Dataset records
::::::::
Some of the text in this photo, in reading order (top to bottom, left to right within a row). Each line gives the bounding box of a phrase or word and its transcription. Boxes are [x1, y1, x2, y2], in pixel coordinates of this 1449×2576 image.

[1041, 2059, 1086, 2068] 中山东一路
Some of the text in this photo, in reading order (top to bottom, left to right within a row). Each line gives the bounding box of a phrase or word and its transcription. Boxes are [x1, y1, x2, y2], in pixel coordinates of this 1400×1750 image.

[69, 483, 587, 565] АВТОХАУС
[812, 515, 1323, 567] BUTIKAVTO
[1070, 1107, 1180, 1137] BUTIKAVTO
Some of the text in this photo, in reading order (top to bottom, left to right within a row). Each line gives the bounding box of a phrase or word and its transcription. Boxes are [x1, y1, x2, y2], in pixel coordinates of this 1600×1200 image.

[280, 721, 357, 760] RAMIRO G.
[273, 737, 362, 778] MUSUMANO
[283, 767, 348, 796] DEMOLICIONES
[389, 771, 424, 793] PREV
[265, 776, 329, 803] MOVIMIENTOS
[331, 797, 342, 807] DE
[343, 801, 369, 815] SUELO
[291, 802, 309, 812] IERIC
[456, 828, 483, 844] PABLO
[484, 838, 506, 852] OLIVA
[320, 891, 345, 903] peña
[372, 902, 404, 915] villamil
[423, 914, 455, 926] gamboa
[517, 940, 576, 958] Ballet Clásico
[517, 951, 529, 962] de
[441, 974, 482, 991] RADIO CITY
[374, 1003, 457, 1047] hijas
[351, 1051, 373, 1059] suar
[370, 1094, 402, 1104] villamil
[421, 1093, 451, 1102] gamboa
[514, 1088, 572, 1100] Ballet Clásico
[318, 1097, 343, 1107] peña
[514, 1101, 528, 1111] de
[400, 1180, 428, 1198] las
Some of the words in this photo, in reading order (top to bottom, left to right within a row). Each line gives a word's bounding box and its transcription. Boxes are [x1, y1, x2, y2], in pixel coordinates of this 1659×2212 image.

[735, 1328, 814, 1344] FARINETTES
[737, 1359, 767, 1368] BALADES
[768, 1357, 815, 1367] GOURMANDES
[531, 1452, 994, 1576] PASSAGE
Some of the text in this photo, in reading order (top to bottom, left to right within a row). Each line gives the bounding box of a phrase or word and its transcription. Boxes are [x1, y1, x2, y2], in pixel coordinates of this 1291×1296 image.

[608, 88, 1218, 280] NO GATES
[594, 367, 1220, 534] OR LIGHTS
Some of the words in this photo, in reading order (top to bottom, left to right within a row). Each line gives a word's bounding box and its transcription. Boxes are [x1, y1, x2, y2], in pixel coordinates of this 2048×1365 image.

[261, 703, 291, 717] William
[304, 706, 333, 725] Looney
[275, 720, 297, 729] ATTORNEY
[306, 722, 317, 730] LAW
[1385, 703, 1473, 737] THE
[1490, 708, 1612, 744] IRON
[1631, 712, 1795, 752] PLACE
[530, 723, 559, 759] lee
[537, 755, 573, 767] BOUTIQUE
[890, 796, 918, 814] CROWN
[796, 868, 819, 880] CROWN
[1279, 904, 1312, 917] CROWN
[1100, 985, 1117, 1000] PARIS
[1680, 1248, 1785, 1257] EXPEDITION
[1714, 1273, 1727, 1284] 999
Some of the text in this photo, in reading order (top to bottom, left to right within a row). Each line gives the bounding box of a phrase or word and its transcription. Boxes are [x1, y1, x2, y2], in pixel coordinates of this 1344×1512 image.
::::::::
Nothing should be dropped or changed, so repeat all of the entries exactly.

Some of the text in this photo, in reading order (top to bottom, left to right within a row). Each line gives the bounding box of a phrase or word and its transcription. Boxes are [x1, y1, x2, y2], in pixel coordinates of this 1449×2576 image.

[1041, 2059, 1086, 2068] 中山东一路
Some of the text in this photo, in reading order (top to bottom, left to right within a row). Each line gives the bounding box of a phrase or word and its transcription. Boxes are [x1, y1, x2, y2], in pixel coordinates of this 1400×1750 image.

[69, 483, 587, 565] АВТОХАУС
[812, 515, 1323, 567] BUTIKAVTO
[1070, 1107, 1180, 1137] BUTIKAVTO
Some of the text in this photo, in reading order (top to bottom, left to right within a row). Each line gives the bounding box of a phrase or word and its transcription. Boxes are [x1, y1, x2, y2], in pixel coordinates of this 1600×1200 image.

[280, 721, 357, 760] RAMIRO G.
[273, 737, 362, 778] MUSUMANO
[283, 767, 348, 796] DEMOLICIONES
[389, 771, 424, 793] PREV
[265, 776, 329, 803] MOVIMIENTOS
[331, 797, 342, 807] DE
[343, 801, 369, 815] SUELO
[291, 802, 309, 812] IERIC
[456, 828, 483, 844] PABLO
[484, 838, 506, 852] OLIVA
[320, 891, 345, 903] peña
[372, 902, 404, 915] villamil
[423, 914, 455, 926] gamboa
[517, 940, 576, 958] Ballet Clásico
[517, 951, 529, 962] de
[441, 974, 482, 991] RADIO CITY
[374, 1003, 457, 1047] hijas
[351, 1051, 373, 1059] suar
[370, 1094, 402, 1104] villamil
[421, 1093, 451, 1102] gamboa
[514, 1088, 572, 1100] Ballet Clásico
[318, 1097, 343, 1107] peña
[514, 1101, 528, 1111] de
[400, 1180, 428, 1198] las
Some of the words in this photo, in reading order (top to bottom, left to right within a row). Each line gives a word's bounding box and its transcription. Boxes are [x1, y1, x2, y2], in pixel coordinates of this 1659×2212 image.

[735, 1328, 814, 1344] FARINETTES
[737, 1359, 767, 1368] BALADES
[768, 1357, 815, 1367] GOURMANDES
[531, 1452, 994, 1576] PASSAGE
Some of the text in this photo, in reading order (top to bottom, left to right within a row). Each line gives the bounding box of a phrase or word and its transcription. Boxes are [x1, y1, x2, y2], in pixel coordinates of this 1291×1296 image.

[608, 88, 1218, 280] NO GATES
[594, 367, 1220, 534] OR LIGHTS
Some of the words in this photo, in reading order (top to bottom, left to right within a row). Each line gives a word's bounding box and its transcription. Boxes are [x1, y1, x2, y2], in pixel coordinates of this 2048×1365 image.

[261, 703, 291, 717] William
[304, 706, 333, 725] Looney
[275, 720, 297, 729] ATTORNEY
[306, 722, 317, 730] LAW
[1385, 703, 1473, 737] THE
[1490, 708, 1612, 744] IRON
[1631, 712, 1795, 752] PLACE
[530, 723, 559, 759] lee
[537, 755, 573, 767] BOUTIQUE
[890, 796, 918, 814] CROWN
[796, 868, 819, 880] CROWN
[1279, 904, 1312, 917] CROWN
[1100, 985, 1117, 1000] PARIS
[1680, 1248, 1785, 1257] EXPEDITION
[1714, 1273, 1727, 1284] 999
Some of the text in this photo, in reading order (top to bottom, left to right within a row). Each line gives the bounding box of a phrase or word and its transcription. Boxes are [x1, y1, x2, y2], in pixel coordinates of this 1344×1512 image.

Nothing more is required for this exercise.